Work instruction ▸ Repeat every record below exactly as written.
─── Supplied entries
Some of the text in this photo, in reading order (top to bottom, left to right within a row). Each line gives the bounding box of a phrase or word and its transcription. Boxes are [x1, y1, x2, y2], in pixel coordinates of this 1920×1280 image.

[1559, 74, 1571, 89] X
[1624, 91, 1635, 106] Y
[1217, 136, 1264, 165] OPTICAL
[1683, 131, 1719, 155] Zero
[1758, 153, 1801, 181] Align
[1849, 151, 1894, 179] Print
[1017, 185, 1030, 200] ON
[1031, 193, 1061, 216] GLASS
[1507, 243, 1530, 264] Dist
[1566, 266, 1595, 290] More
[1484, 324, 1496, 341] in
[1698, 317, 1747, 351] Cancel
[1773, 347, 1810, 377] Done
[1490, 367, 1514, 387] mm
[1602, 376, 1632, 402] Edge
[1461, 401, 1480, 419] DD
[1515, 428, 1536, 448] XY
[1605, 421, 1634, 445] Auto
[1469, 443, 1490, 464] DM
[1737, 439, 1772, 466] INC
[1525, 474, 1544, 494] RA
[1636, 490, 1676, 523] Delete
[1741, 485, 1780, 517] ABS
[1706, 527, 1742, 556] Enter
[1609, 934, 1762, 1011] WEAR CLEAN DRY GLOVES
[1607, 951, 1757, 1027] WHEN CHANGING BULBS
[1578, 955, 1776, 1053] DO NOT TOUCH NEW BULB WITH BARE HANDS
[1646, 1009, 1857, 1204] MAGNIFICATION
──────
Output for this task ▸
Some of the text in this photo, in reading order (top to bottom, left to right within a row). Each line gives the bounding box of a phrase or word and its transcription. Boxes are [x1, y1, x2, y2], in pixel coordinates of this 1920×1280 image.

[1559, 74, 1571, 89] X
[1624, 91, 1635, 106] Y
[1217, 136, 1264, 165] OPTICAL
[1683, 131, 1719, 155] Zero
[1758, 153, 1801, 181] Align
[1849, 151, 1894, 179] Print
[1017, 185, 1030, 200] ON
[1031, 193, 1061, 216] GLASS
[1507, 243, 1530, 264] Dist
[1566, 266, 1595, 290] More
[1484, 324, 1496, 341] in
[1698, 317, 1747, 351] Cancel
[1773, 347, 1810, 377] Done
[1490, 367, 1514, 387] mm
[1602, 376, 1632, 402] Edge
[1461, 401, 1480, 419] DD
[1515, 428, 1536, 448] XY
[1605, 421, 1634, 445] Auto
[1469, 443, 1490, 464] DM
[1737, 439, 1772, 466] INC
[1525, 474, 1544, 494] RA
[1636, 490, 1676, 523] Delete
[1741, 485, 1780, 517] ABS
[1706, 527, 1742, 556] Enter
[1609, 934, 1762, 1011] WEAR CLEAN DRY GLOVES
[1607, 951, 1757, 1027] WHEN CHANGING BULBS
[1578, 955, 1776, 1053] DO NOT TOUCH NEW BULB WITH BARE HANDS
[1646, 1009, 1857, 1204] MAGNIFICATION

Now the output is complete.